» TASK REQUIREMENTS
The whole listing below is to be repeated without alteration.

» DATA FOR THIS TASK
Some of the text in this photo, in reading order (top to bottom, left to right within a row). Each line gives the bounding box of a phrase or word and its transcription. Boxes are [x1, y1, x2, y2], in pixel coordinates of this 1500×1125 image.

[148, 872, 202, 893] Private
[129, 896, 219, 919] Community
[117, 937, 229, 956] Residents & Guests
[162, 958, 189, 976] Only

» ANSWER TO THIS PROBLEM
Some of the text in this photo, in reading order (top to bottom, left to right within a row). Each line gives the bounding box of a phrase or word and its transcription. Boxes are [x1, y1, x2, y2], in pixel coordinates of this 1500×1125 image.

[148, 872, 202, 893] Private
[129, 896, 219, 919] Community
[117, 937, 229, 956] Residents & Guests
[162, 958, 189, 976] Only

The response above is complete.